WHAT YOU ARE ASKED TO DO: Every entry below should be printed exactly, without its images.

Stored data entries:
%%

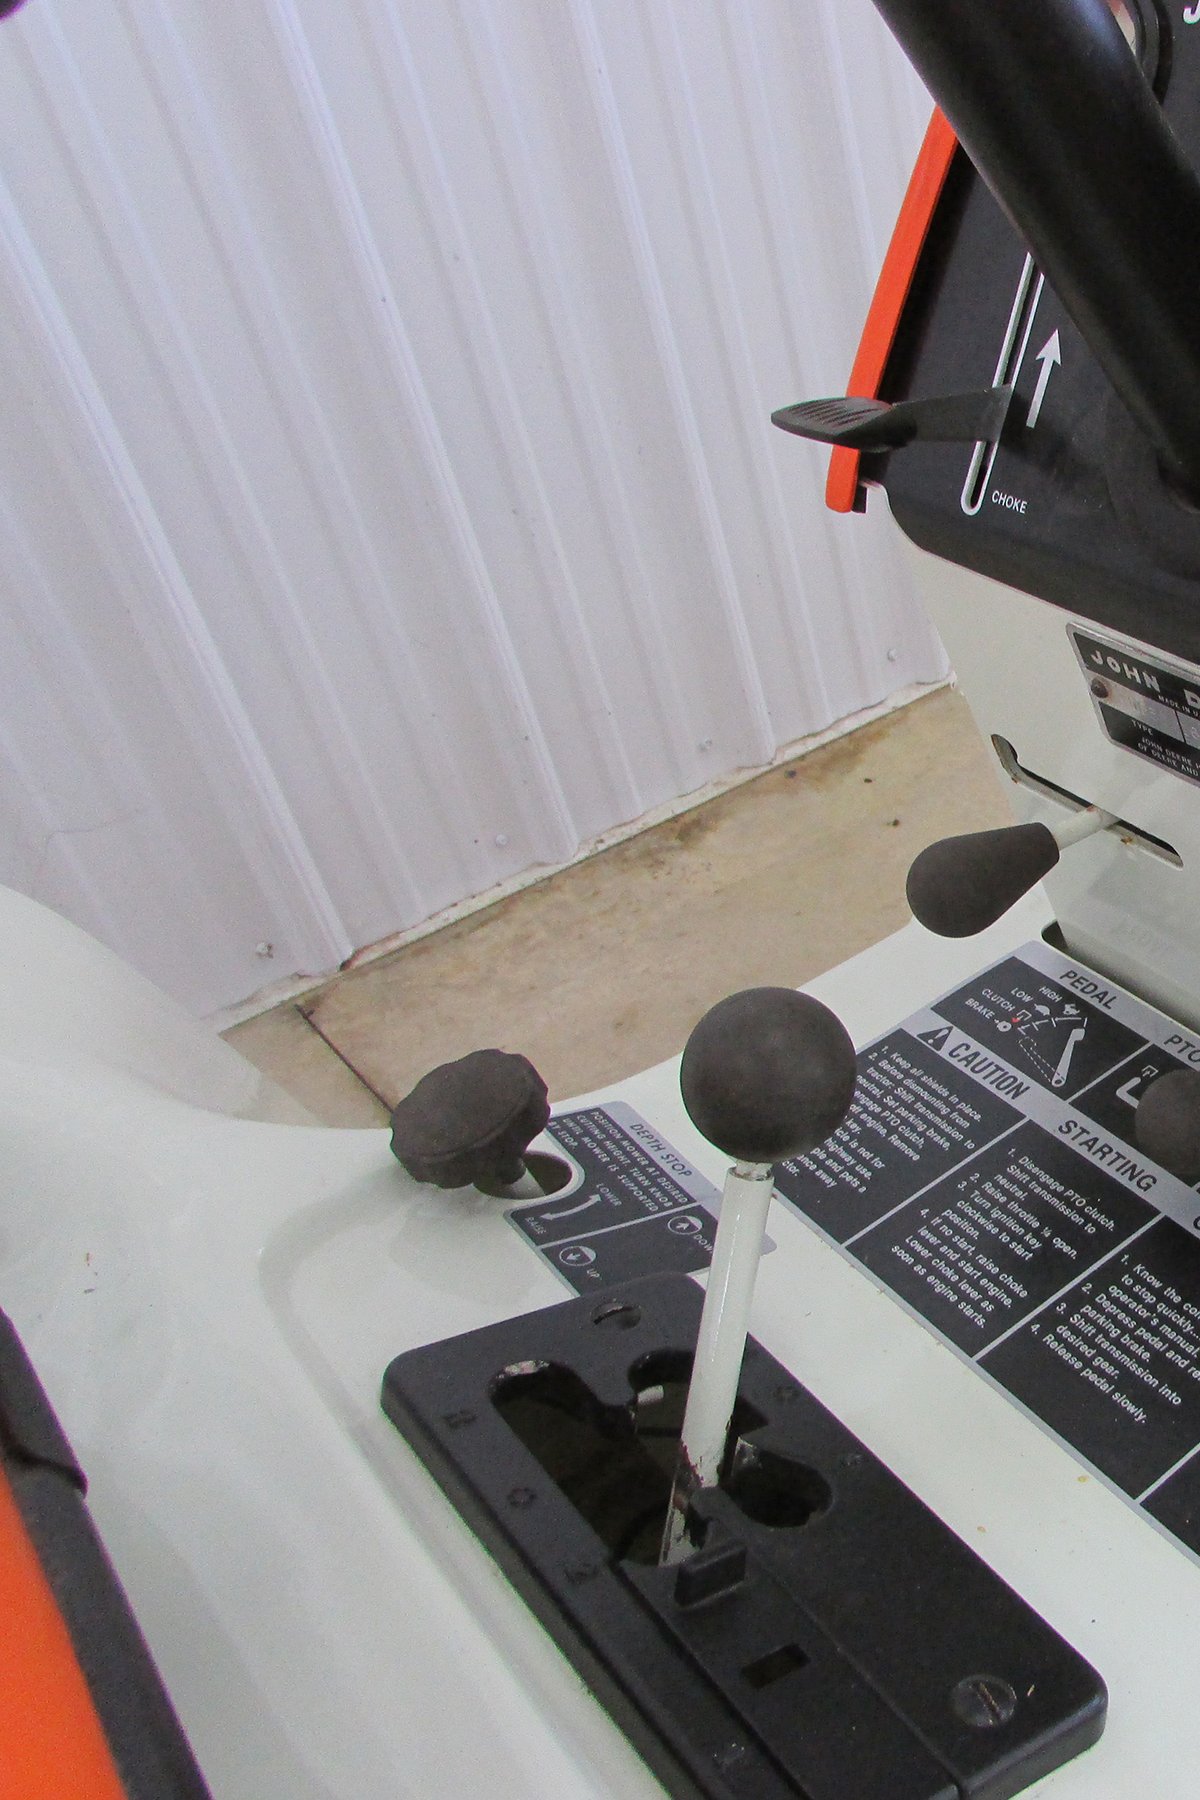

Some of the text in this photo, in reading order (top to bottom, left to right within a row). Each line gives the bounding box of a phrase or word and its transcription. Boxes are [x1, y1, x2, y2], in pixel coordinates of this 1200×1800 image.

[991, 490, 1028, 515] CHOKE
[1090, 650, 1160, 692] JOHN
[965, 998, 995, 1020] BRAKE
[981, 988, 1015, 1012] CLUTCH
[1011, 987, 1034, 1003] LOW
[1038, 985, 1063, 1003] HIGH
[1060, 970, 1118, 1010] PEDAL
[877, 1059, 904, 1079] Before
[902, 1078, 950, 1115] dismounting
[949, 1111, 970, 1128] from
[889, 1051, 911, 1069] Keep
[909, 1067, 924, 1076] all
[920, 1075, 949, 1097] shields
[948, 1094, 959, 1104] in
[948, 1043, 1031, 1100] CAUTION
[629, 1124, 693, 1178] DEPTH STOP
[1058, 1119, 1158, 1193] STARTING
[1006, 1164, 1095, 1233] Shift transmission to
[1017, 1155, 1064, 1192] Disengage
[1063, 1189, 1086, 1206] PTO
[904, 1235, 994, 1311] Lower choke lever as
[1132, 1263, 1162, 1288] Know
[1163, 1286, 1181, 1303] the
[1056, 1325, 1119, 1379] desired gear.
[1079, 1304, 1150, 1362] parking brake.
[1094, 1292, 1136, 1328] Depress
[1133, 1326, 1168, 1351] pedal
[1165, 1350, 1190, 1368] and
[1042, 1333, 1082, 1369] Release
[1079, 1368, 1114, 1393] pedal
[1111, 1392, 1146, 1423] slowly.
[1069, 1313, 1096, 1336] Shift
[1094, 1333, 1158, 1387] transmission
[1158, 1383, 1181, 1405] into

%%

ANSWER TO THE EXERCISE:
Some of the text in this photo, in reading order (top to bottom, left to right within a row). Each line gives the bounding box of a phrase or word and its transcription. Boxes are [x1, y1, x2, y2], in pixel coordinates of this 1200×1800 image.

[991, 490, 1028, 515] CHOKE
[1090, 650, 1160, 692] JOHN
[965, 998, 995, 1020] BRAKE
[981, 988, 1015, 1012] CLUTCH
[1011, 987, 1034, 1003] LOW
[1038, 985, 1063, 1003] HIGH
[1060, 970, 1118, 1010] PEDAL
[877, 1059, 904, 1079] Before
[902, 1078, 950, 1115] dismounting
[949, 1111, 970, 1128] from
[889, 1051, 911, 1069] Keep
[909, 1067, 924, 1076] all
[920, 1075, 949, 1097] shields
[948, 1094, 959, 1104] in
[948, 1043, 1031, 1100] CAUTION
[629, 1124, 693, 1178] DEPTH STOP
[1058, 1119, 1158, 1193] STARTING
[1006, 1164, 1095, 1233] Shift transmission to
[1017, 1155, 1064, 1192] Disengage
[1063, 1189, 1086, 1206] PTO
[904, 1235, 994, 1311] Lower choke lever as
[1132, 1263, 1162, 1288] Know
[1163, 1286, 1181, 1303] the
[1056, 1325, 1119, 1379] desired gear.
[1079, 1304, 1150, 1362] parking brake.
[1094, 1292, 1136, 1328] Depress
[1133, 1326, 1168, 1351] pedal
[1165, 1350, 1190, 1368] and
[1042, 1333, 1082, 1369] Release
[1079, 1368, 1114, 1393] pedal
[1111, 1392, 1146, 1423] slowly.
[1069, 1313, 1096, 1336] Shift
[1094, 1333, 1158, 1387] transmission
[1158, 1383, 1181, 1405] into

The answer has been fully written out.